Three Clean Water Bills Signed!
Today, Governor Hogan signed three bills that Clean Water Action worked on this legislative session.
The first, HB190 (Delegates Lafferty and Qi), creates a minimum definition for what is a failing septic system. While historically the state has had internal guidelines, these did not have the force of law. Disagreement about whether or not a problem with a septic system meets the threshold of failing is problemmatic, leading to long disputes that delay fixing a system that is not functioning. By setting a state minimum standard, we create more certainty and predictability in the septic industry. Throughout the last several years as Clean Water Action and others have worked on septic policy in Maryland, we have found ourselves and others frequently referencing "failing" systems, and how these are the ones that need to be found and fixed. Thanks to HB 190, we now have that standard definition and common understanding of what a failing system means.

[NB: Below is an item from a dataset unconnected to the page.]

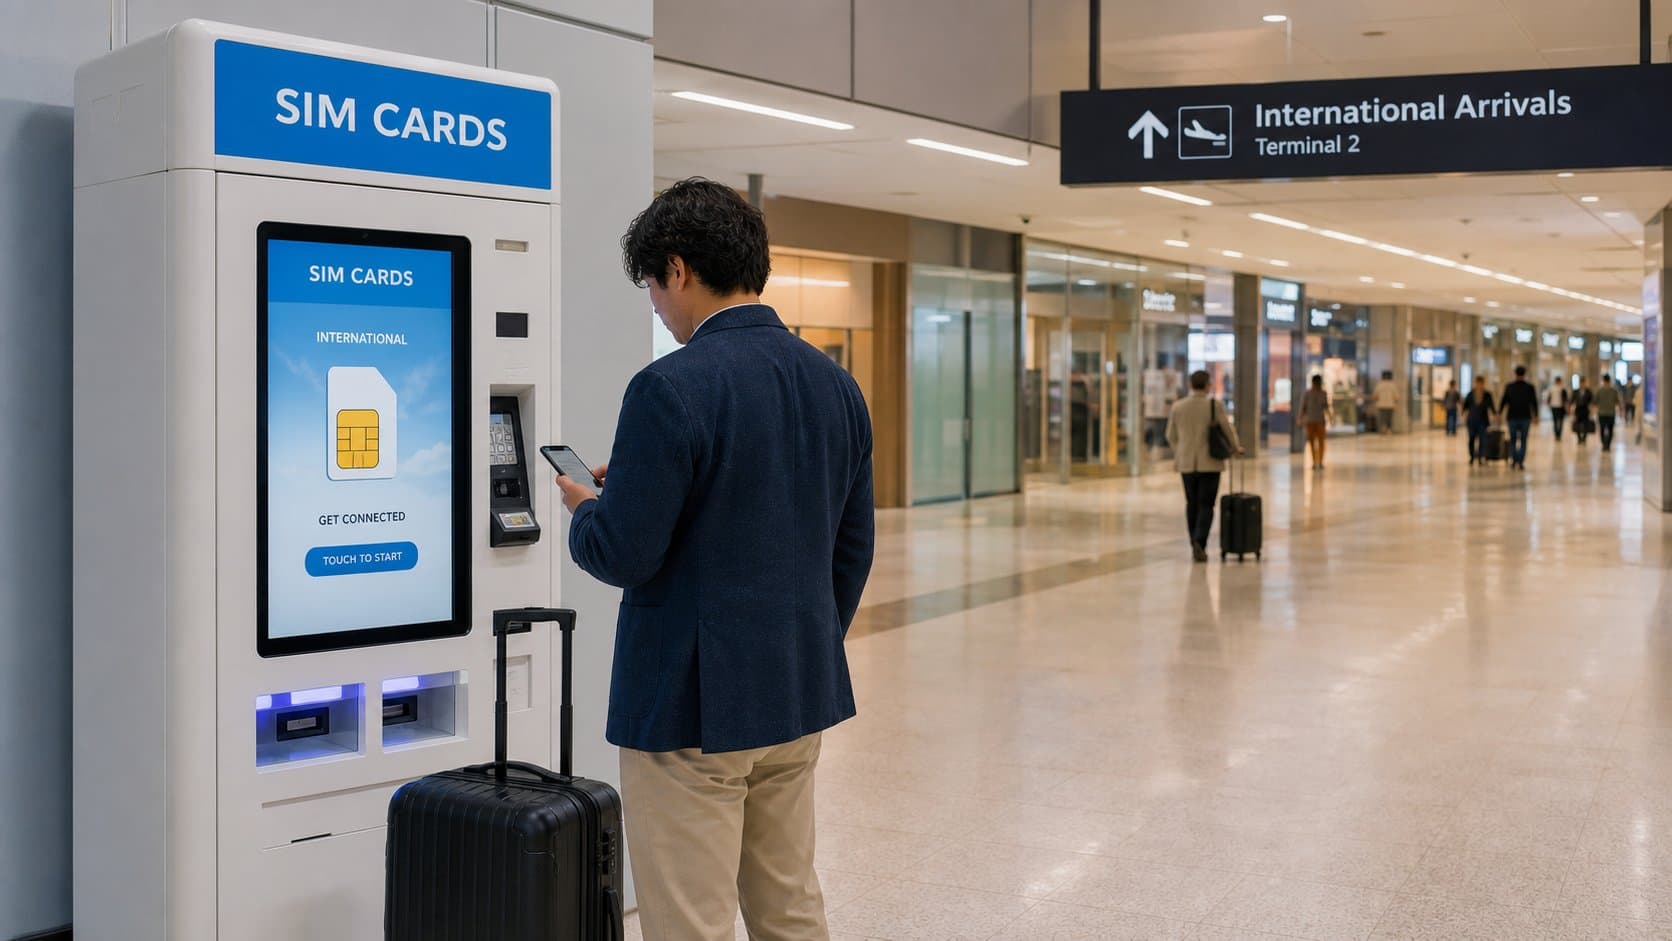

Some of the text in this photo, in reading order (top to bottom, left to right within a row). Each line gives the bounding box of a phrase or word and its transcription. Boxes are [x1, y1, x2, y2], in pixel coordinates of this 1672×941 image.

The second, HB539 (Delegates Cassilly and Wivell), clarifies that potable discharge from residences, like backwash from water treatment systems or ice makers, does not have to be directed into a septic tank. Large discharges of water all at once are a signficant problem and, according to national estimates, is a leading cause of premature septic failure. Septic systems work through slow trickles, when a gallon enters a tank a gallon leaves the tank. Inside the tank, solids filter out and only liquid wastewater should be released into the drain field (a series of pipes in one's yard). However, water treatment systems and ice makers dump enormous quantities of water all at once, leading to hydraulic overload. What that means is, a huge volume of water rushes into the tank, agitating all of the solids. All mixed in together, that same volume of water is pushed out of the tank, taking with it solids that are not supposed to make it out of the tank and into the drainfield. Once too many solids are deposited into the septic field, they clog it up and now we are dealing with a failing system that is not sufficiently treating waste! Backwash from water treatment systems and ice makers has no opportunity for biologic contact, so there is no reason for it to be directed into a septic system. This bill allows local health officers to decide how to discharge that water.
The third, HB417 (Delegate Hill et al), increases notification for wastewater treatment plant overflows or bypasses. These releases of untreated waste happen all too frequently in Maryland, especially during large storm events. Unfortunately, public notification is not sufficient and many Marylanders do not know when or where they occur. This is a signficant public health concern - recreating in waters with untreated human waste can lead to serious illnesses and infections.
Thank you to all of the legislators and partners who worked with us to craft these bills!